WHAT YOU ARE ASKED TO DO
Leave the images out, and otherwise write out each entry exactly.

Segment Start: SOURCE DATA

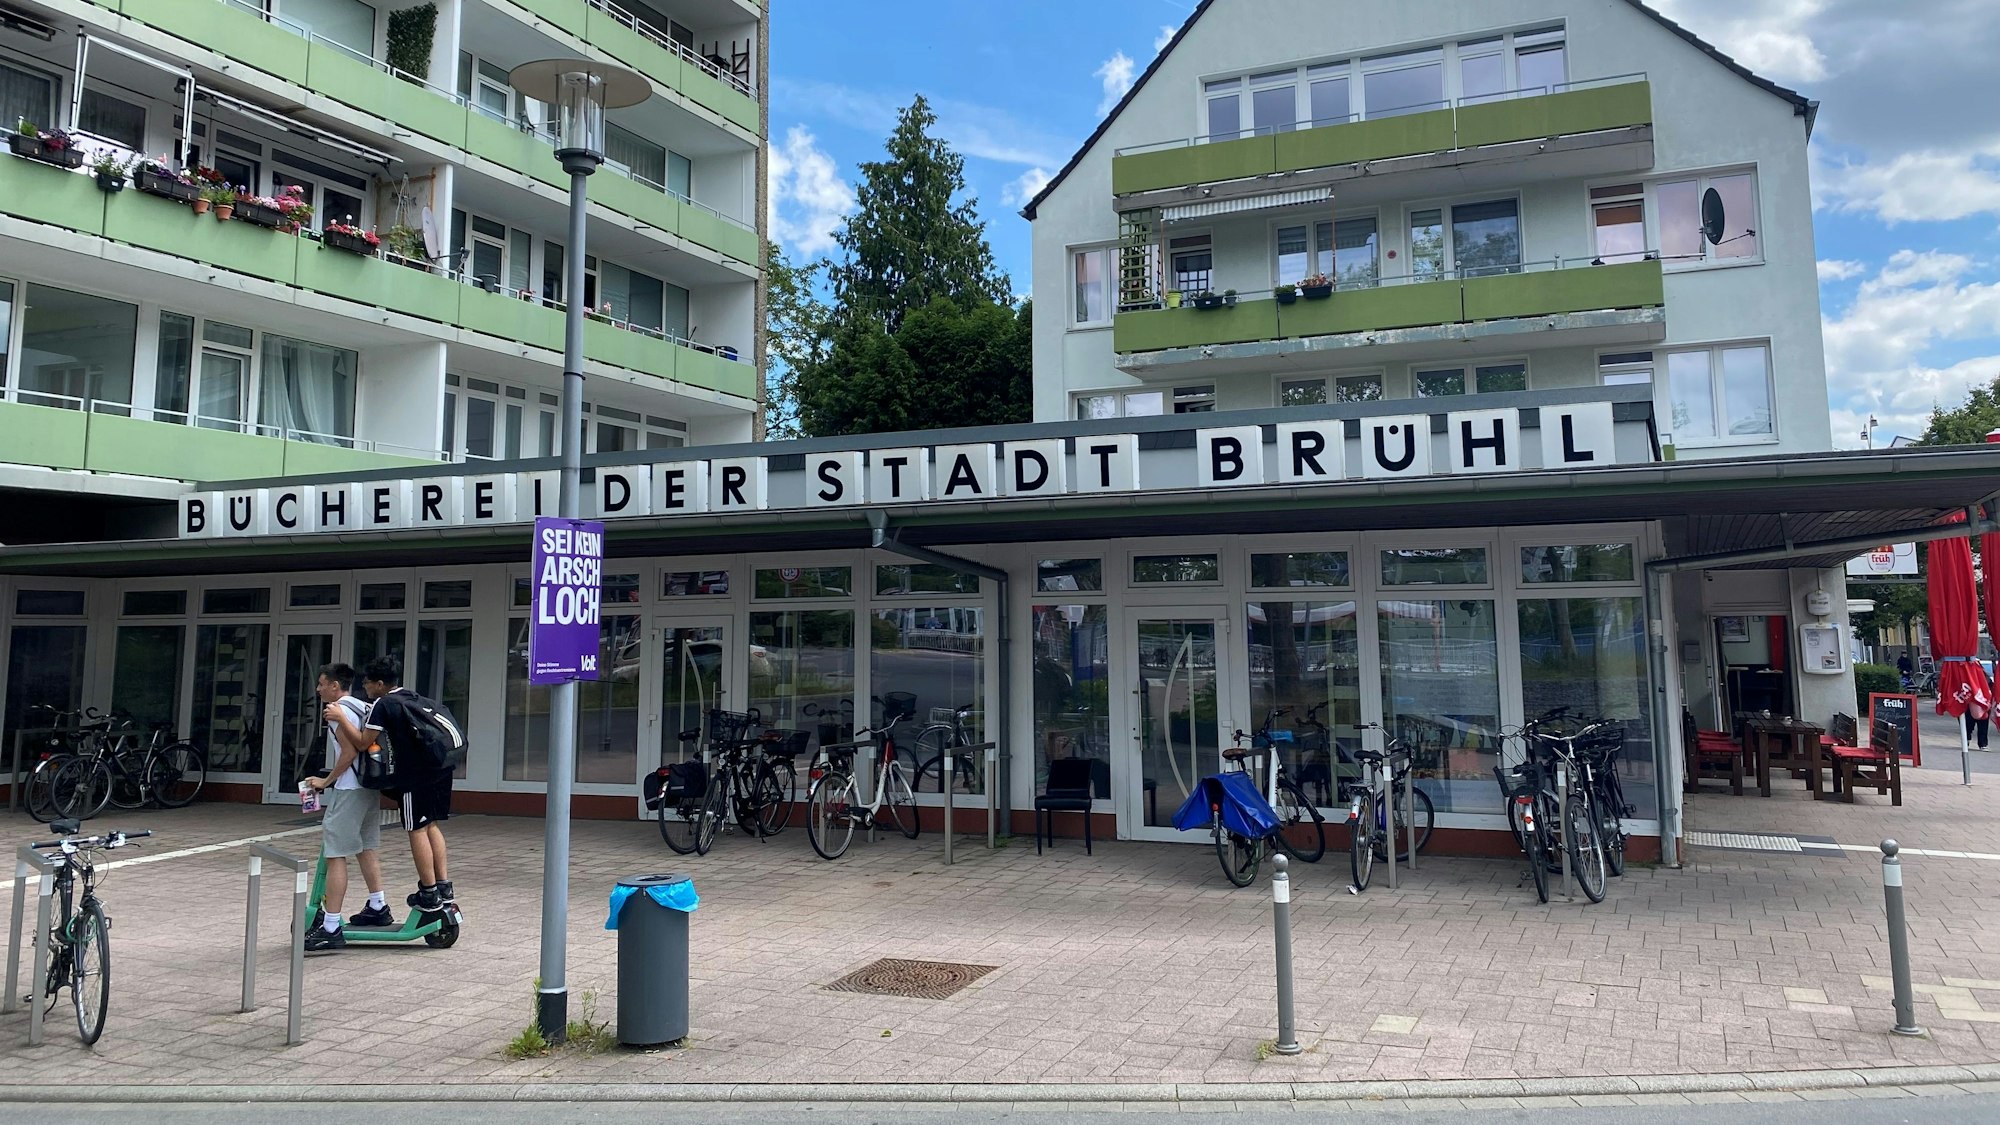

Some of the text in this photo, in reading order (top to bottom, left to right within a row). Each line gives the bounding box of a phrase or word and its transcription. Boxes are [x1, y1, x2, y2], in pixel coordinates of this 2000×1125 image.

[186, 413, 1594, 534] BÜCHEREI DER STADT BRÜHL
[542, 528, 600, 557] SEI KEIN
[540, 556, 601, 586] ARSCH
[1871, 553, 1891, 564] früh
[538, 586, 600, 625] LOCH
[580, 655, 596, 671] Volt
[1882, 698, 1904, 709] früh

Segment End: SOURCE DATA

TASK ANSWER
Some of the text in this photo, in reading order (top to bottom, left to right within a row). Each line gives the bounding box of a phrase or word and its transcription. Boxes are [x1, y1, x2, y2], in pixel coordinates of this 2000×1125 image.

[186, 413, 1594, 534] BÜCHEREI DER STADT BRÜHL
[542, 528, 600, 557] SEI KEIN
[540, 556, 601, 586] ARSCH
[1871, 553, 1891, 564] früh
[538, 586, 600, 625] LOCH
[580, 655, 596, 671] Volt
[1882, 698, 1904, 709] früh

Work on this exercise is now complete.